Exercise: The entries are to be given again in full. Every word must match.

Supplied information:
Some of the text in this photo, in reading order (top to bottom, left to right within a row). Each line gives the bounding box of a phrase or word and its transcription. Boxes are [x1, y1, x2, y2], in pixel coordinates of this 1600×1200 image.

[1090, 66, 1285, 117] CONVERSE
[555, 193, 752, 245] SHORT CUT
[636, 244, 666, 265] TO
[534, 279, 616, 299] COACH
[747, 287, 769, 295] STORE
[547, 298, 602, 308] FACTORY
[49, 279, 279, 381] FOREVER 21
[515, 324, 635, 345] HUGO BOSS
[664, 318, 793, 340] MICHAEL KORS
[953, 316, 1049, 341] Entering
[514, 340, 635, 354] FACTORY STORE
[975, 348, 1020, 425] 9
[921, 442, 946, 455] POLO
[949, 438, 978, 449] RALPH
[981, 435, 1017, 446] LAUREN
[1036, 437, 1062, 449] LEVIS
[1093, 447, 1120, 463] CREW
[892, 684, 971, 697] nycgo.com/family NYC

Exercise output:
Some of the text in this photo, in reading order (top to bottom, left to right within a row). Each line gives the bounding box of a phrase or word and its transcription. Boxes are [x1, y1, x2, y2], in pixel coordinates of this 1600×1200 image.

[1090, 66, 1285, 117] CONVERSE
[555, 193, 752, 245] SHORT CUT
[636, 244, 666, 265] TO
[534, 279, 616, 299] COACH
[747, 287, 769, 295] STORE
[547, 298, 602, 308] FACTORY
[49, 279, 279, 381] FOREVER 21
[515, 324, 635, 345] HUGO BOSS
[664, 318, 793, 340] MICHAEL KORS
[953, 316, 1049, 341] Entering
[514, 340, 635, 354] FACTORY STORE
[975, 348, 1020, 425] 9
[921, 442, 946, 455] POLO
[949, 438, 978, 449] RALPH
[981, 435, 1017, 446] LAUREN
[1036, 437, 1062, 449] LEVIS
[1093, 447, 1120, 463] CREW
[892, 684, 971, 697] nycgo.com/family NYC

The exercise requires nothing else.